Dance With Your Own Stars

For many, their love of ballroom dancing - and its health benefits - was firmly entrenched before shows like “Dancing With the Stars” became a cultural phenomenon.
According to a study conducted by Dr. Hermes Ilarraza, of the National Institute of Cardiology in Mexico, ballroom dancing can give as good an aerobic workout as more conventional forms of exercise.

Ilarazza followed a group of 40 heart disease patients, all of whom committed to 30 minutes of exercise a day, five days a week, for five weeks. Half of the study’s participants got their exercise from a dance routine choreographed by a professional dancer, while the others exercised on stationary bicycles. Ilarraza found that the dance group’s exercise capacity increased by 28 percent, almost as much as the 31 percent increase for the cycling group.
A 140-pound person can burn an average of 350 calories in an hour of fast dancing such as swing, quickstep and salsa, and can burn about 200 calories with slower styles like the tango or traditional ballroom (cha-cha, foxtrot and waltz). Plus, in addition to toning your leg muscles, dancing contributes to good posture and body alignment, it works your core and upper body, encourages gentle stretching, increases your flexibility and stamina, builds up healthy bones and develops your balance.

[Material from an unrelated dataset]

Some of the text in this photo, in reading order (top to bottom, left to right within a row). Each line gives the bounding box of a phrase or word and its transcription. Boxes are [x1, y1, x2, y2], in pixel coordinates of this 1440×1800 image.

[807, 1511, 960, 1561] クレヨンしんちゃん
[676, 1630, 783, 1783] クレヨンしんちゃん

Setting the physical benefits aside, dancing can also be life changing. It can lift your spirit in a way most other exercise routines cannot. If you are suffering from depression or experiencing a difficult time in your life, heading to the dance studio is one of the best things you can do for yourself.

Not only does your body begin to pump massive amounts of the feel-good hormone serotonin with each movement, the music can ease an aching soul. Dancing also reawakens a nearly forgotten sense of chivalry and graciousness that we all still secretly yearn for from time to time.
Ballroom dancing is not only ideal for the single, lonely or overweight. It can also re-ignite passion within even the longest and mundane of relationships. Just imagine, both you and your mate feeling fit, energized and a whole lot sexier… together. Now that’s worth celebrating.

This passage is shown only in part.